We undertook a multicenter, international retrospective cohort analysis of patients with advanced RCC and UC who had a documented pre-existing AD, received at least one dose of CPI monotherapy or in combination, and who had adequate baseline and on-therapy clinical and imaging data. Each participating center obtained institutional review board approval.
Investigators collected baseline clinicodemographic, pathological, systemic therapy, response and toxicity data via chart review using a uniform database template. AD definitions were based on the American Autoimmune Related Diseases Association; full listing available in online supplementary table 1.5 All AD symptoms and irAEs were investigator assessed using Common Terminology Criteria for Adverse Events version 5 and recorded from the date of first CPI dose to 90 days after last dose. Baseline AD severity was characterized as historical or clinically active and whether on concurrent immunomodulators. Exacerbations were considered flares of symptoms consistent with underlying AD. New irAEs were defined as development of irAEs not related to the underlying AD. Toxicities leading to treatment discontinuation or necessitating therapeutic intervention were captured. Clinical and radiological assessments were not standardized and were performed according to each center’s standard of care. Response was investigator assessed using general Response Evaluation Criteria in Solid Tumors principles.16 Multidisciplinary care and involvement of the AD specialist during CPI treatment were performed per local practice.
Patient and disease characteristics were described using frequencies (percentages) and medians (ranges). Overall response rate (ORR) was defined as the proportion of patients with complete responses or partial responses and calculated as percentage of patients who achieved ORR along with 95% Clopper-Pearson exact CI. Patients not evaluable for response were conservatively included as non-responders.
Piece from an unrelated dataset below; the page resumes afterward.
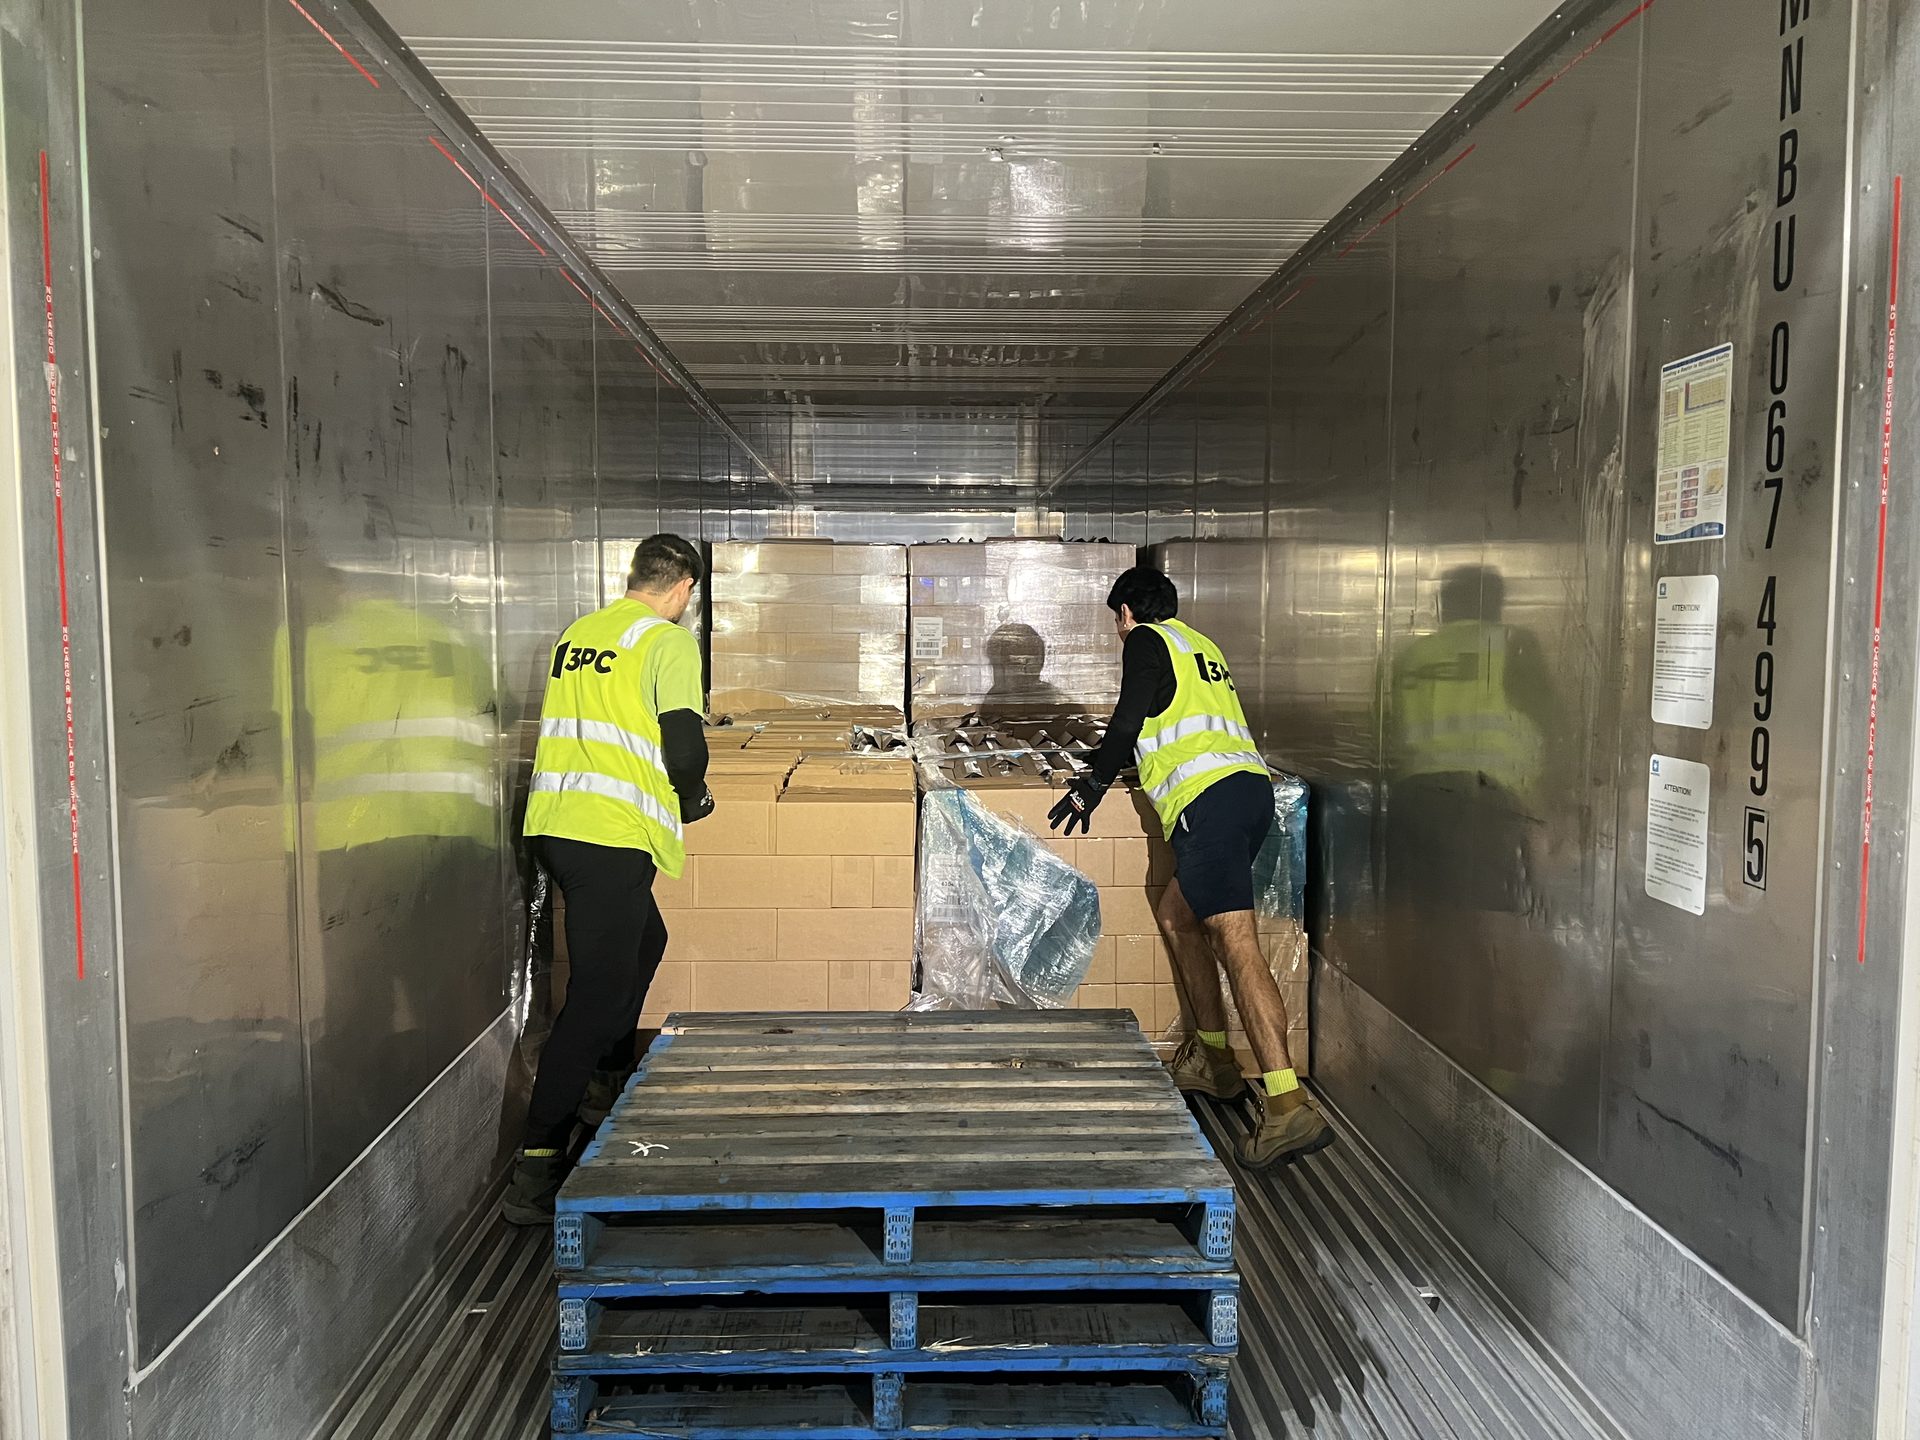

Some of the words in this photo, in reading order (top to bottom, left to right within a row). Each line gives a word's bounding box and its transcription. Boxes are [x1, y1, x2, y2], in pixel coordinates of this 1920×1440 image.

Time-to-treatment failure (TTF) was determined from CPI initiation until therapy discontinuation for any reason, including progression of disease (PD), toxicity or death. Overall survival (OS) was calculated from CPI initiation until death or last follow-up. Distributions of TTF and OS rates were estimated using the Kaplan-Meier methodology for the overall cohort and by subgroups. No formal comparisons were made for subgroup analyses given the small sample size. Competing risk models estimated cumulative incidences of AD exacerbations and/or new irAEs at 3 months and 6 months, whereas treatment discontinuation due to progression or other reasons without irAE was considered a competing risk. Statistical analyses were performed using SAS V.9.4 (SAS Institute).
Across 10 centers in the USA and Europe, 106 patients with documented pre-existing AD and advanced RCC (n=58) or UC (n=48) were identified who were treated with CPI between 2015 and 2018. Most patients received CPI as the first line or second line (n=92; 87%) and as PD(L)-1 inhibitor monotherapy (n=85; 80%) (table 1).17–19 Dual CPI (anti-PD(L)-1+anti-CTLA-4) were administered in 16% (n=9) of patients with RCC and 2% (n=1) of patients with UC. Eleven (19%) patients with RCC received CPI+vascular endothelial growth factor (VEGF) inhibitor.
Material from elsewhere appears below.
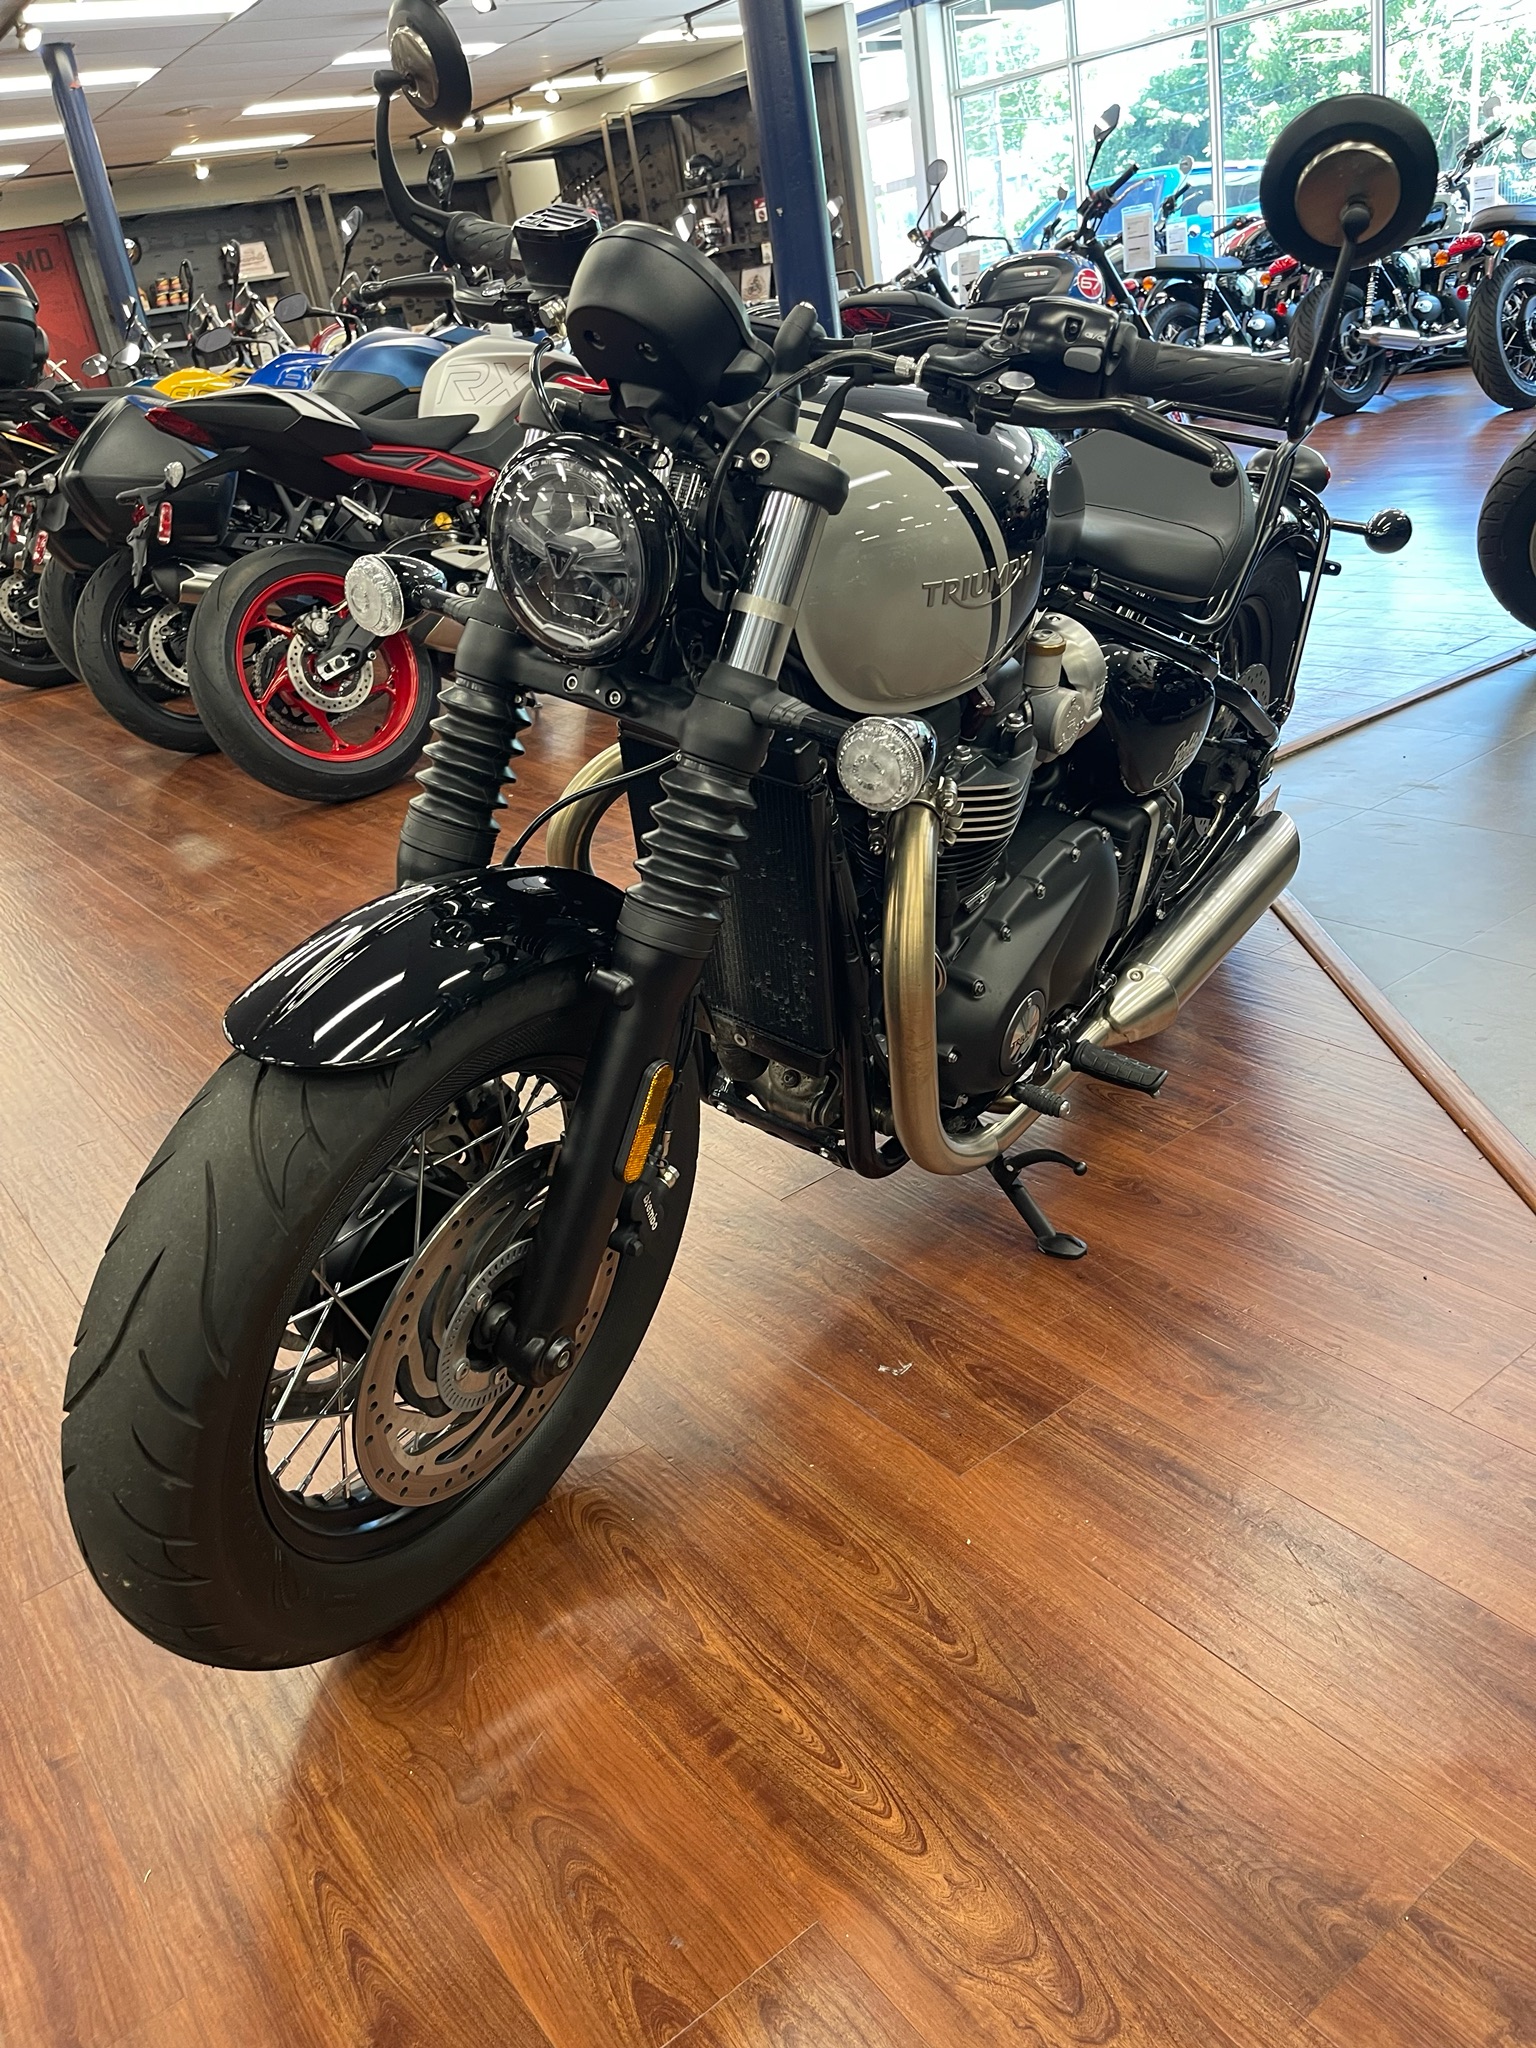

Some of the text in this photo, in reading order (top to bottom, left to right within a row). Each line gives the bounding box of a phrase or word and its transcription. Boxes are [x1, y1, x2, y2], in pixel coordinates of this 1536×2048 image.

A broad spectrum of baseline AD was captured (figure 1). Psoriasis (n=24, 23%), thyroiditis (n=14, 13%), rheumatoid arthritis (n=12, 11%) and polymyalgia rheumatica (n=8, 8%) were most common. Other clinically relevant disorders were identified such as inflammatory bowel diseases (IBD, n=6, 6%), systemic lupus erythematosus (n=4, 4%), multiple sclerosis (n=3, 3%), sarcoidosis (n=2, 2%) and vasculitis (n=2, 2%) including one case15 of granulomatosis with polyangiitis.
At CPI initiation, 35 (33%) had baseline grade 1/2 AD symptoms including rheumatological (n=15, 14%), dermatological (n=13, 12%), thyroiditis (n=2, 2%), ulcerative colitis (n=2, 2%), multiple sclerosis (n=2, 2%) and IgG4-related sclerosing kidney disease (n=1, 1%) (table 2, online supplementary figure 1). Ten patients required baseline immunosuppression with systemic corticosteroids (n=5) or other immune-modulating agents (one each: hydroxychloroquine, mesalamine, sulfasalazine, teriflunomide and methotrexate).
Globally, 38 (36%) patients experienced an exacerbation of their underlying AD. Median time to exacerbation was 76 days (range: 25–315) for RCC (n=18, 31%) and 33 days (range: 1–368) for UC (n=20, 42%) (figure 2, table 3). The cumulative incidence at 3 and 6 months in the overall cohort was 29% (95% CI 20% to 38%) and 32% (95% CI 23% to 41%), respectively.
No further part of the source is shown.